═════ Provided data ═════

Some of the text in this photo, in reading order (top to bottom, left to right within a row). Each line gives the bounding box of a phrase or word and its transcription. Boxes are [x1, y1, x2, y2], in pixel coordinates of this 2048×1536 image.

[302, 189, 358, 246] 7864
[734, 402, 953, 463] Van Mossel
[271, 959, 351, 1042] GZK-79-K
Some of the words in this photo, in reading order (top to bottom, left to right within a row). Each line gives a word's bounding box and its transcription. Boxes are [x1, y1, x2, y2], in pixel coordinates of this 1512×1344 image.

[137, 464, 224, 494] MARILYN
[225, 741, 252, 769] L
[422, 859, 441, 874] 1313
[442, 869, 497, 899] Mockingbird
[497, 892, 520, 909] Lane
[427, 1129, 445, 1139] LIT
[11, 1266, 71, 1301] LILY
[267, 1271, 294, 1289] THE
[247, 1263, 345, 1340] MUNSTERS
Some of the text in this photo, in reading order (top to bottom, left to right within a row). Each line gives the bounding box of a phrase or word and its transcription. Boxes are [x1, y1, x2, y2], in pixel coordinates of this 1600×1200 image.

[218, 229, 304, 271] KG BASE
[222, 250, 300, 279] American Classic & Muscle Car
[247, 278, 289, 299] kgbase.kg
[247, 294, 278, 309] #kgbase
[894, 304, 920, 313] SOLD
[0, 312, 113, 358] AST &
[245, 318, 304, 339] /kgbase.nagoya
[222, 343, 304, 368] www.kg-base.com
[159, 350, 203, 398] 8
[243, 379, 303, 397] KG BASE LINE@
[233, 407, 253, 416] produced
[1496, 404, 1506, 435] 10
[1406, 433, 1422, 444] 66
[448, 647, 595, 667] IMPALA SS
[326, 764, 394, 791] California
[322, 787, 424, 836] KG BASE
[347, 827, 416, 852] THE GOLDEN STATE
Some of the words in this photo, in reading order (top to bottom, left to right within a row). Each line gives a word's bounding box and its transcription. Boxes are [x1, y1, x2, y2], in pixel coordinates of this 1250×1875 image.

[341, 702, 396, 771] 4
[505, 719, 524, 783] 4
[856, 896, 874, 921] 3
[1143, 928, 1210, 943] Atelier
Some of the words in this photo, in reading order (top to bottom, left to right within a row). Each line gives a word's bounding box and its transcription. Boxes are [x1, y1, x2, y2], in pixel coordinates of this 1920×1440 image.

═════

### Try it
The answer must restate each entry word for word.

### Written response
Some of the text in this photo, in reading order (top to bottom, left to right within a row). Each line gives the bounding box of a phrase or word and its transcription. Boxes are [x1, y1, x2, y2], in pixel coordinates of this 2048×1536 image.

[302, 189, 358, 246] 7864
[734, 402, 953, 463] Van Mossel
[271, 959, 351, 1042] GZK-79-K
Some of the words in this photo, in reading order (top to bottom, left to right within a row). Each line gives a word's bounding box and its transcription. Boxes are [x1, y1, x2, y2], in pixel coordinates of this 1512×1344 image.

[137, 464, 224, 494] MARILYN
[225, 741, 252, 769] L
[422, 859, 441, 874] 1313
[442, 869, 497, 899] Mockingbird
[497, 892, 520, 909] Lane
[427, 1129, 445, 1139] LIT
[11, 1266, 71, 1301] LILY
[267, 1271, 294, 1289] THE
[247, 1263, 345, 1340] MUNSTERS
Some of the text in this photo, in reading order (top to bottom, left to right within a row). Each line gives the bounding box of a phrase or word and its transcription. Boxes are [x1, y1, x2, y2], in pixel coordinates of this 1600×1200 image.

[218, 229, 304, 271] KG BASE
[222, 250, 300, 279] American Classic & Muscle Car
[247, 278, 289, 299] kgbase.kg
[247, 294, 278, 309] #kgbase
[894, 304, 920, 313] SOLD
[0, 312, 113, 358] AST &
[245, 318, 304, 339] /kgbase.nagoya
[222, 343, 304, 368] www.kg-base.com
[159, 350, 203, 398] 8
[243, 379, 303, 397] KG BASE LINE@
[233, 407, 253, 416] produced
[1496, 404, 1506, 435] 10
[1406, 433, 1422, 444] 66
[448, 647, 595, 667] IMPALA SS
[326, 764, 394, 791] California
[322, 787, 424, 836] KG BASE
[347, 827, 416, 852] THE GOLDEN STATE
Some of the words in this photo, in reading order (top to bottom, left to right within a row). Each line gives a word's bounding box and its transcription. Boxes are [x1, y1, x2, y2], in pixel coordinates of this 1250×1875 image.

[341, 702, 396, 771] 4
[505, 719, 524, 783] 4
[856, 896, 874, 921] 3
[1143, 928, 1210, 943] Atelier
Some of the words in this photo, in reading order (top to bottom, left to right within a row). Each line gives a word's bounding box and its transcription. Boxes are [x1, y1, x2, y2], in pixel coordinates of this 1920×1440 image.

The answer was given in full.